Since the robots have cameras, microphones and speakers, they also can be used in hostage situations or negotiations with a shooter.

That's why the Charleston police got its robot, a much smaller version of the Kanawha sheriff's that has only a microphone, camera and speaker.

After Charleston officers had to use the Sheriff's Office's robot in an active-shooter situation in the Sherwood Forest neighborhood in 2013, the department decided it wanted a robot of its own to handle similar incidents, Webster said.

So far, the Charleston robot has not been used in the field.

Officers with the Charleston Police Department and the Kanawha County Sheriff's Office said they do not have a protocol on what a situation would take to use one of the robots to kill someone.

"It would really be a last-resort thing," Webster said.

Humphreys, who was speaking with Sheriff John Rutherford in the room, said he was reluctant to give an answer on whether the county would or would not use a robot as a bomb.

"There's just so many unknowns in those quick seconds when a decision has to be made," he said.

Carper said there are a lot of possibilities in using a robot to defuse a situation.

"You're only limited by your imagination," he said.

Since Dallas, a national discussion has begun about whether it's ethical to use a robot to kill a suspect and if it sets a dangerous precedent for police departments.

The CPD and the Sheriff's Office said the Dallas SWAT team is held in high regard across the country.

When asked if using a robot is worrisome, both local departments compared it to using a police sniper to kill a suspect.
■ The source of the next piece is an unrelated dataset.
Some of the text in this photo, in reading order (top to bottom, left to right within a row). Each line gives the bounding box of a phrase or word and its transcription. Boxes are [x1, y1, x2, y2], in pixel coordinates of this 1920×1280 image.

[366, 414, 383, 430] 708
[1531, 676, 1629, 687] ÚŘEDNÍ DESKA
"Someone was responsible for what that robot did," Humphreys said. "A robot was the tool and, in this case, a weapon, but it was still acting as a tool in the hands of someone who is responsible for the use of force."
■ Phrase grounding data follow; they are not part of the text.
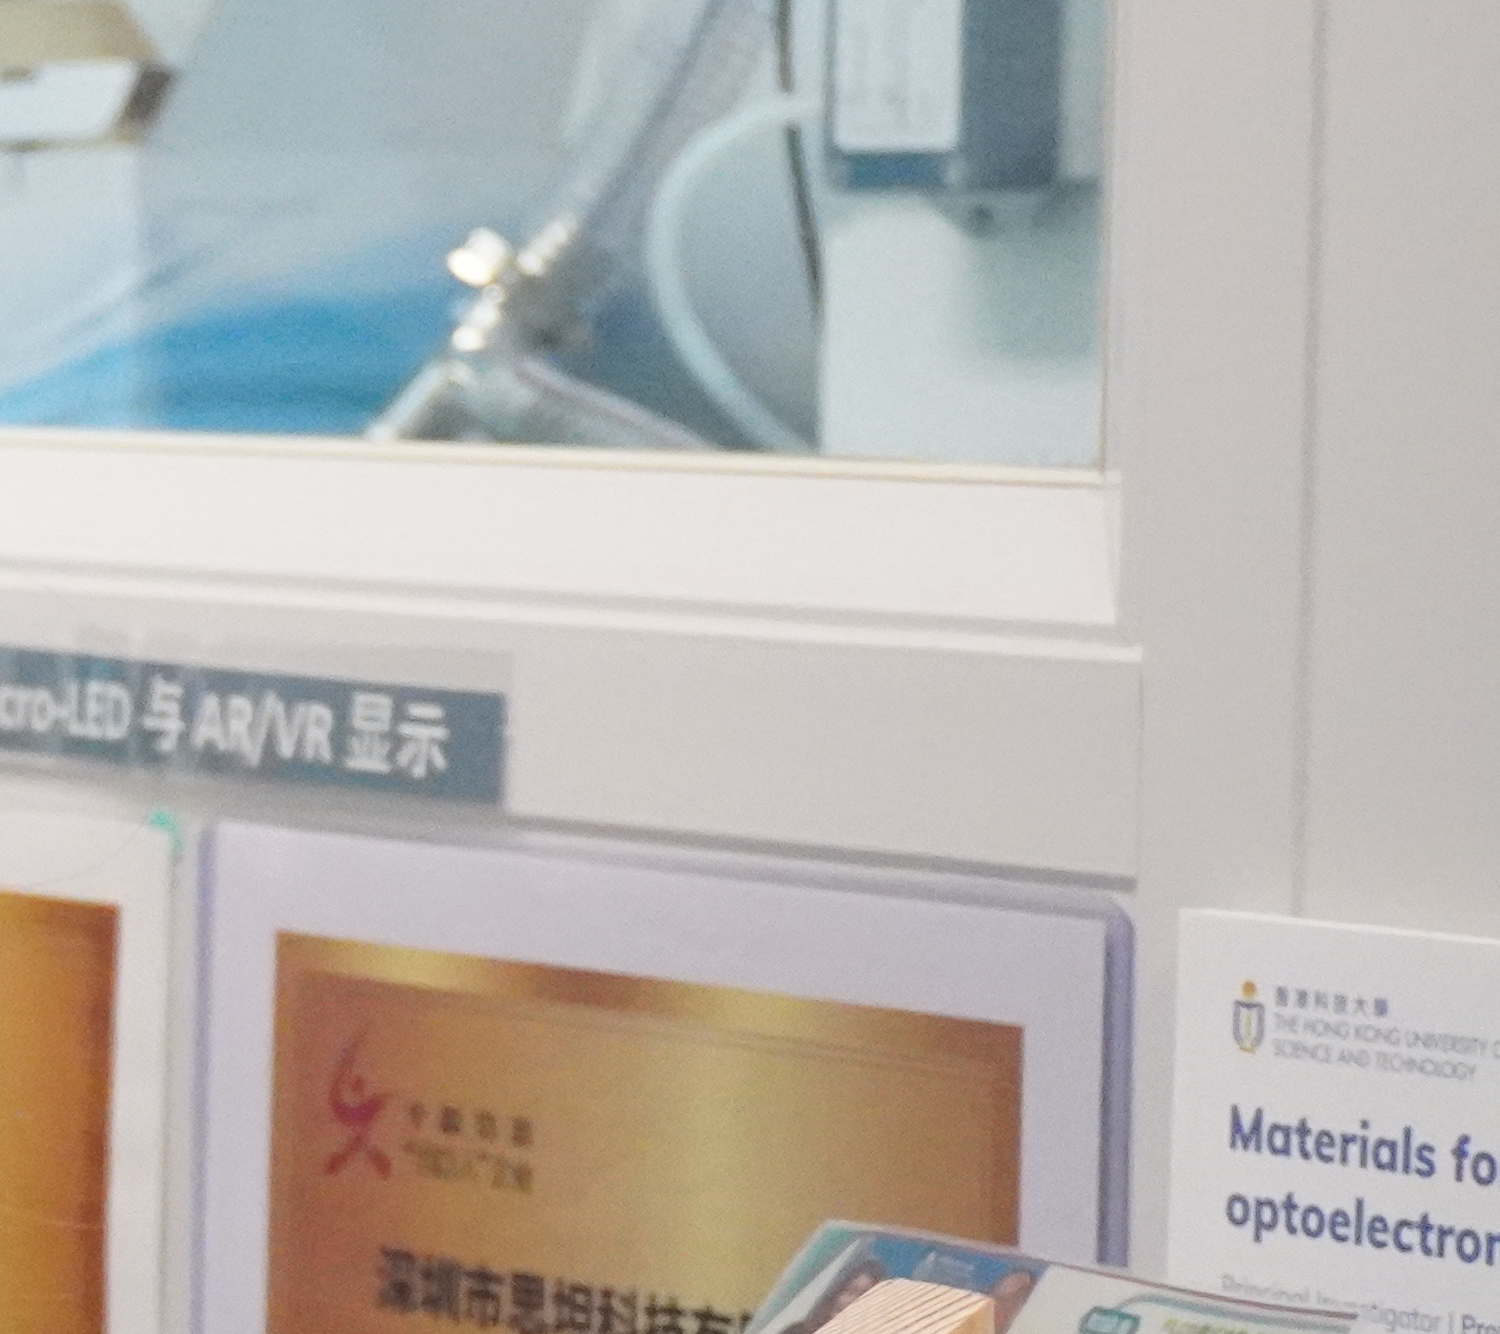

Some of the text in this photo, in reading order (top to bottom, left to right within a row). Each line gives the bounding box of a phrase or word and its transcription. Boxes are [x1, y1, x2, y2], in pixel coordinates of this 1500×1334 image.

[142, 675, 186, 754] 与
[190, 690, 334, 767] AR/VR
[346, 691, 450, 779] 显示
[1303, 1019, 1351, 1041] HONG
[1354, 1023, 1401, 1046] KONG
[1229, 1103, 1437, 1179] Materials
Previously, using a robot as an explosive device had been done only by the military, which has led to more questions about the militarization of police.

Humphreys said that just because a police department has military equipment, doesn't mean a department is militarized.
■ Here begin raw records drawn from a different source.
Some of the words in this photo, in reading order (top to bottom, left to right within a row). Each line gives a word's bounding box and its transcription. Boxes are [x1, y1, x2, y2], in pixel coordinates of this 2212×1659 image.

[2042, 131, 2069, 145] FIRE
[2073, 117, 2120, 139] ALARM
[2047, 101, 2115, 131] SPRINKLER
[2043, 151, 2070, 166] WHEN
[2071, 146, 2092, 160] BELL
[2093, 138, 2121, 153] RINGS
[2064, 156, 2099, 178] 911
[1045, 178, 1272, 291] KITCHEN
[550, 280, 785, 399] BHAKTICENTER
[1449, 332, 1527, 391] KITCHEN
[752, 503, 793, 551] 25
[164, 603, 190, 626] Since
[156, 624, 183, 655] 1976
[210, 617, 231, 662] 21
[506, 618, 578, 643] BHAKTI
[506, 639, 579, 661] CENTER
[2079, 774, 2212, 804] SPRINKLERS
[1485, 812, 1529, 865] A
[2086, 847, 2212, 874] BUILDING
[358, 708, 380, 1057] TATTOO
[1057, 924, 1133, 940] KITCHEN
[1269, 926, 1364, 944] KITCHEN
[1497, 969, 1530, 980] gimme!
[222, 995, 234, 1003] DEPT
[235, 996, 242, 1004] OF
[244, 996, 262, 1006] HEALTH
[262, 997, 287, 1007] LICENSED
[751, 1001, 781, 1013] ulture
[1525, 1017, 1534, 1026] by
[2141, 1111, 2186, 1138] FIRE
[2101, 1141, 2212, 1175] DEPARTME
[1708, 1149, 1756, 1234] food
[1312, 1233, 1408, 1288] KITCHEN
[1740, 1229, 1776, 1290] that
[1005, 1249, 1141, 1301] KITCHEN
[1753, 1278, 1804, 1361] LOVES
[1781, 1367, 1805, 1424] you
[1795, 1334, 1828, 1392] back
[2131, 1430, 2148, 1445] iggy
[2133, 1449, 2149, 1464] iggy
"I think most police officers don't see that as militarization," Humphreys said. "They view that as a tool that is needed to save the lives of people."

James Nolan, a former police officer and now a professor at West Virginia University who studies police, said militarization is about mindset, not equipment.

"If there's a need for military-type weapons to protect the people, and the community is on board with it, then it's different than using military weapons on people," Nolan said.

Nolan said his focus is on community policing and using relationships built in the community to help keep it safe.

"If a police officer is using deadly force," Nolan said, "is it something that they would use on their brother or their son?"

Humphreys also stressed the importance of community policing, and said it should take place long before an officer is in a life-or-death situation.

"I think the building of trust with the community takes place long before you have a circumstance where you need to use force," he said, "so that the trust is already gained, and applied when force is necessary."